#### HOW TO COMPLETE THIS TASK:
Make an exact copy of all the records that follow, apart from the pictures.

#### ENTRIES PROVIDED:
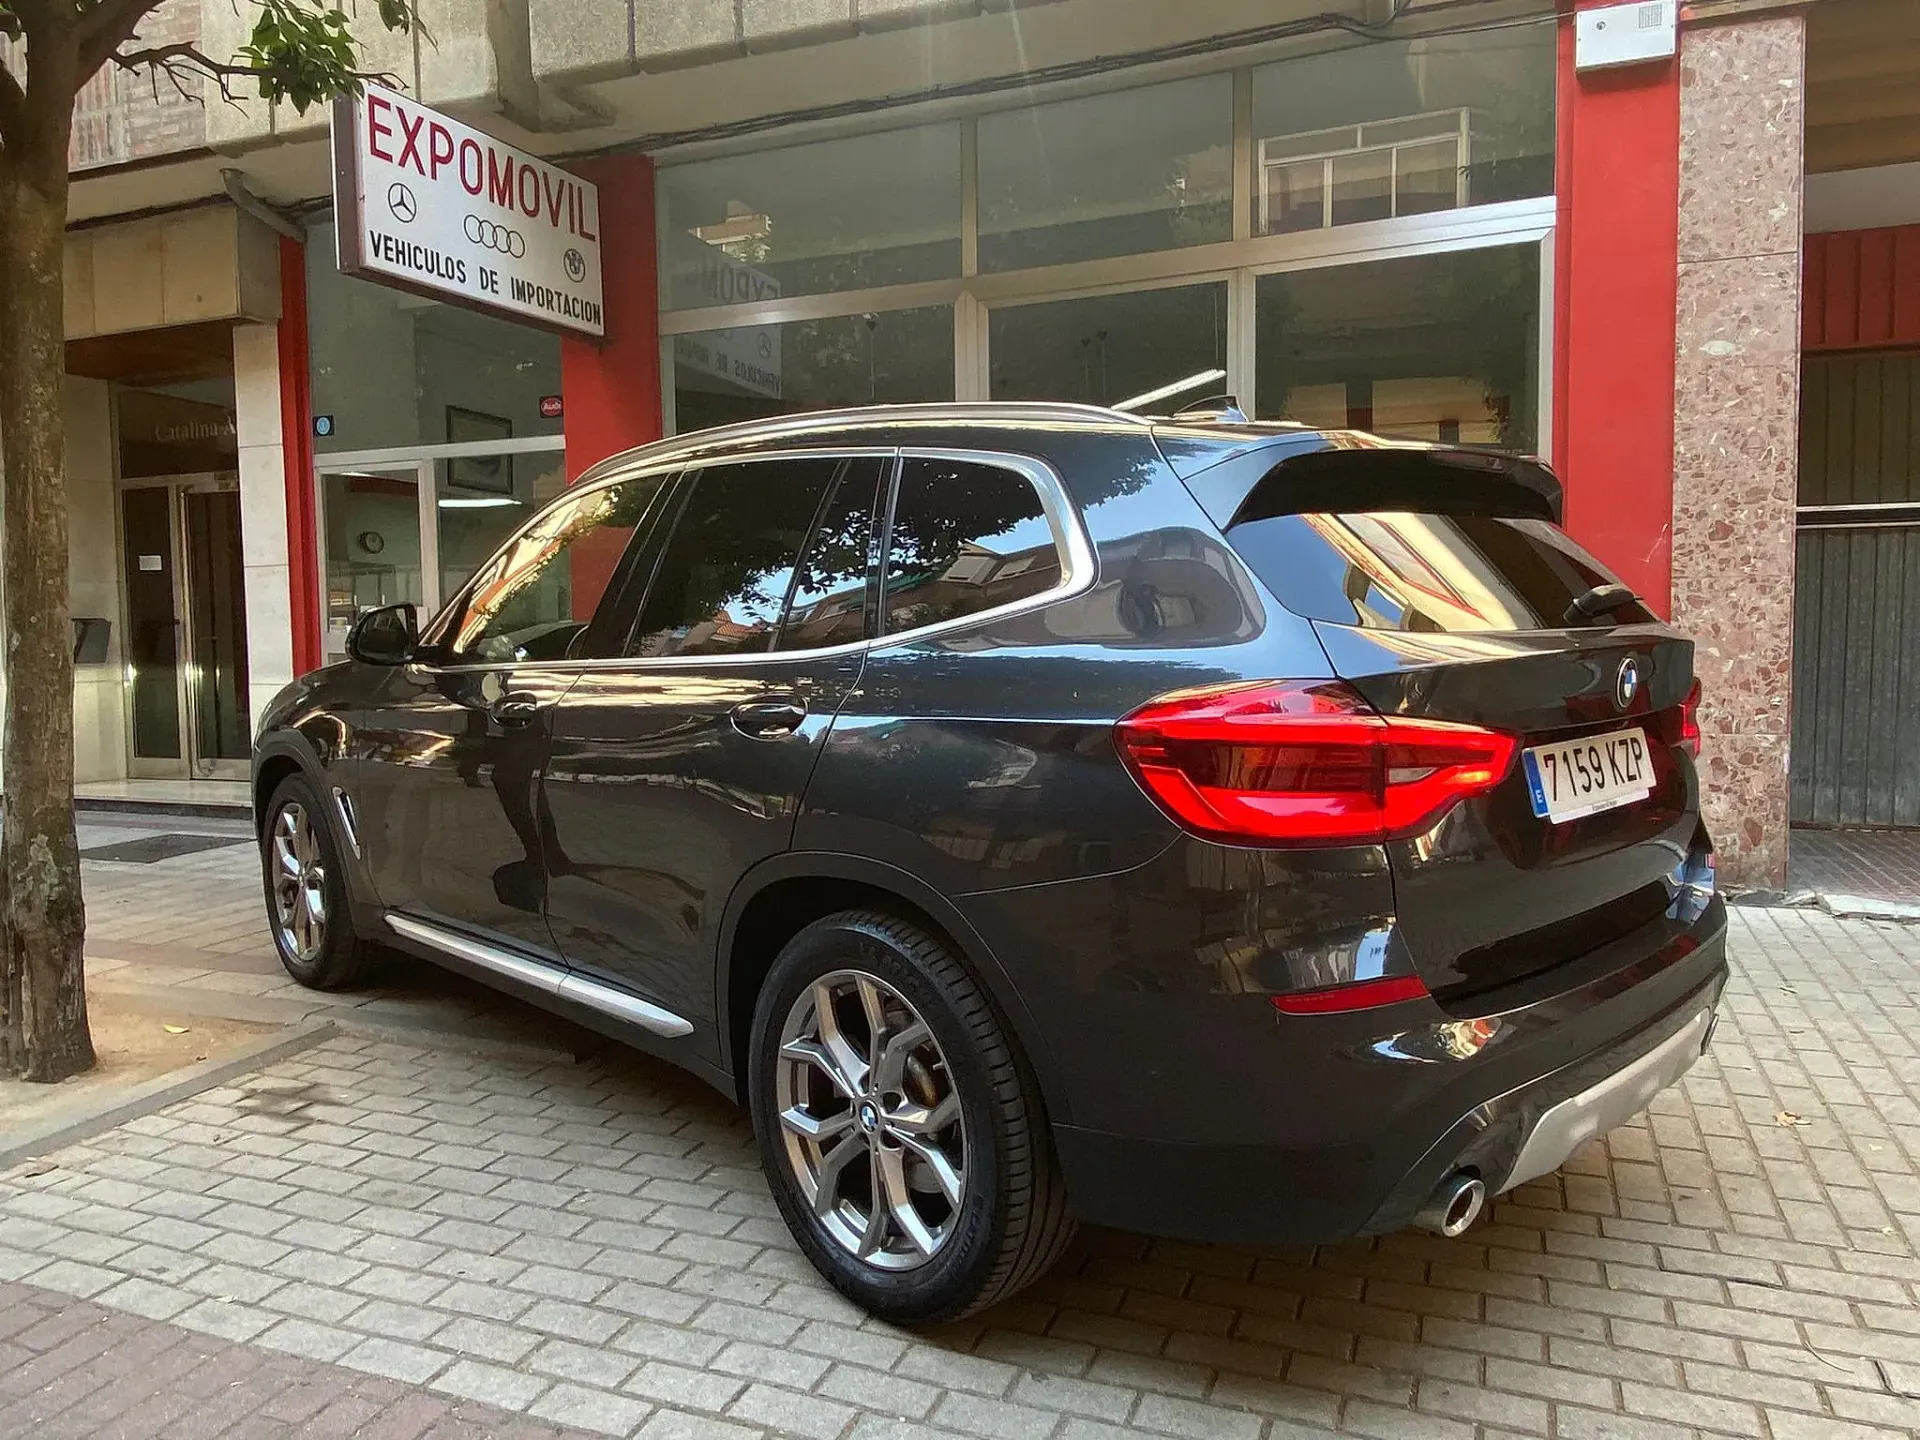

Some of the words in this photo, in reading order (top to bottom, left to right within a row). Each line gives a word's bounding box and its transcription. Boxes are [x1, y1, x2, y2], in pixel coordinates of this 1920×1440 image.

[367, 93, 596, 242] EXPOMOVIL
[370, 230, 467, 284] VEHICULOS
[479, 266, 499, 294] DE
[510, 276, 601, 326] IMPORTACION
[1535, 789, 1544, 803] E
[1543, 745, 1606, 802] 7159
[1605, 736, 1643, 786] KZP
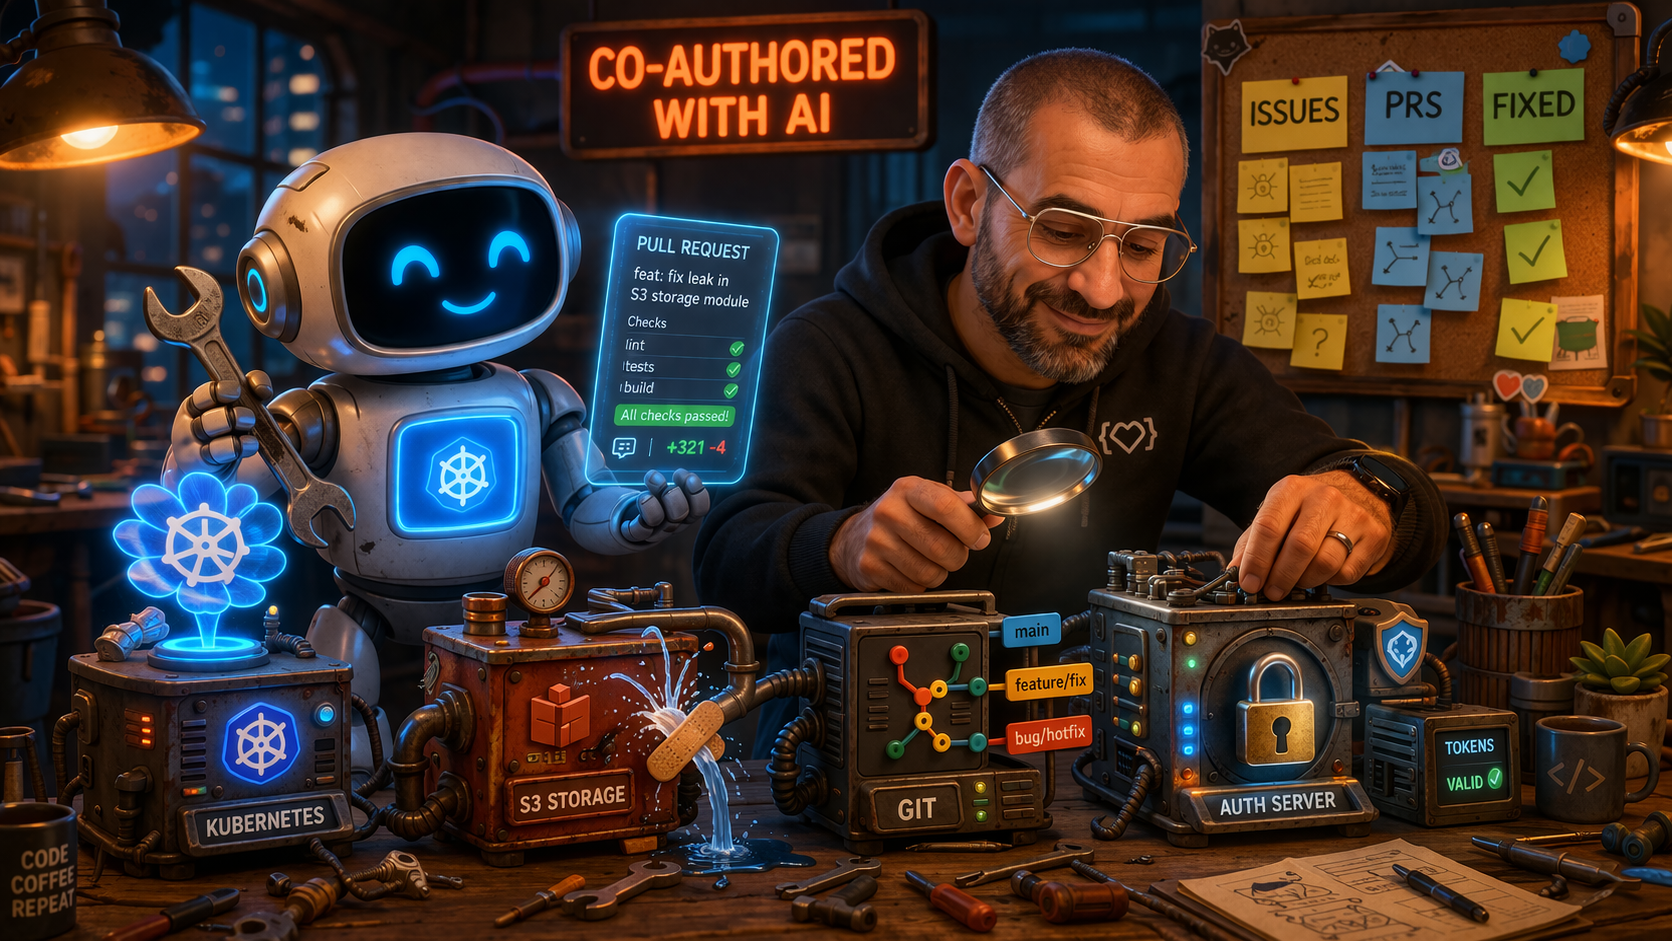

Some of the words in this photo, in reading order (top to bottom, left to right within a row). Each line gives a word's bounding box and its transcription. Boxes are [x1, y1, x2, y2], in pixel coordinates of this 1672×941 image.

[589, 37, 895, 90] CO-AUTHORED
[653, 95, 767, 139] WITH
[786, 93, 830, 135] AI
[1250, 96, 1340, 127] ISSUES
[1385, 90, 1442, 119] PRS
[1493, 90, 1576, 120] FIXED
[637, 235, 675, 254] PULL
[681, 239, 750, 260] REQUEST
[634, 266, 664, 282] feat:
[668, 269, 684, 283] fix
[688, 271, 714, 286] leak
[718, 274, 729, 287] in
[630, 288, 648, 301] S3
[651, 290, 700, 308] storage
[703, 294, 750, 308] module
[627, 315, 667, 329] Checks
[625, 339, 646, 351] lint
[1312, 327, 1329, 356] ?
[625, 360, 655, 373] tests
[624, 381, 655, 394] build
[620, 408, 637, 421] All
[640, 408, 682, 421] checks
[684, 409, 729, 424] passed!
[667, 440, 705, 455] +321
[709, 440, 726, 455] -4
[1015, 623, 1050, 639] main
[1015, 673, 1087, 692] feature/fix
[1015, 724, 1086, 747] bug/hotfix
[1445, 738, 1495, 755] TOKENS
[1446, 775, 1484, 791] VALID
[520, 794, 541, 814] S3
[547, 785, 626, 810] STORAGE
[897, 797, 937, 820] GIT
[1220, 796, 1266, 816] AUTH
[1271, 791, 1336, 812] SERVER
[206, 805, 325, 837] KUBERNETES
[21, 843, 69, 870] CODE
[11, 865, 75, 895] COFFEE
[12, 888, 75, 918] REPEAT

#### RESPONSE FOR THIS EXERCISE:
Some of the words in this photo, in reading order (top to bottom, left to right within a row). Each line gives a word's bounding box and its transcription. Boxes are [x1, y1, x2, y2], in pixel coordinates of this 1920×1440 image.

[367, 93, 596, 242] EXPOMOVIL
[370, 230, 467, 284] VEHICULOS
[479, 266, 499, 294] DE
[510, 276, 601, 326] IMPORTACION
[1535, 789, 1544, 803] E
[1543, 745, 1606, 802] 7159
[1605, 736, 1643, 786] KZP

Some of the words in this photo, in reading order (top to bottom, left to right within a row). Each line gives a word's bounding box and its transcription. Boxes are [x1, y1, x2, y2], in pixel coordinates of this 1672×941 image.

[589, 37, 895, 90] CO-AUTHORED
[653, 95, 767, 139] WITH
[786, 93, 830, 135] AI
[1250, 96, 1340, 127] ISSUES
[1385, 90, 1442, 119] PRS
[1493, 90, 1576, 120] FIXED
[637, 235, 675, 254] PULL
[681, 239, 750, 260] REQUEST
[634, 266, 664, 282] feat:
[668, 269, 684, 283] fix
[688, 271, 714, 286] leak
[718, 274, 729, 287] in
[630, 288, 648, 301] S3
[651, 290, 700, 308] storage
[703, 294, 750, 308] module
[627, 315, 667, 329] Checks
[625, 339, 646, 351] lint
[1312, 327, 1329, 356] ?
[625, 360, 655, 373] tests
[624, 381, 655, 394] build
[620, 408, 637, 421] All
[640, 408, 682, 421] checks
[684, 409, 729, 424] passed!
[667, 440, 705, 455] +321
[709, 440, 726, 455] -4
[1015, 623, 1050, 639] main
[1015, 673, 1087, 692] feature/fix
[1015, 724, 1086, 747] bug/hotfix
[1445, 738, 1495, 755] TOKENS
[1446, 775, 1484, 791] VALID
[520, 794, 541, 814] S3
[547, 785, 626, 810] STORAGE
[897, 797, 937, 820] GIT
[1220, 796, 1266, 816] AUTH
[1271, 791, 1336, 812] SERVER
[206, 805, 325, 837] KUBERNETES
[21, 843, 69, 870] CODE
[11, 865, 75, 895] COFFEE
[12, 888, 75, 918] REPEAT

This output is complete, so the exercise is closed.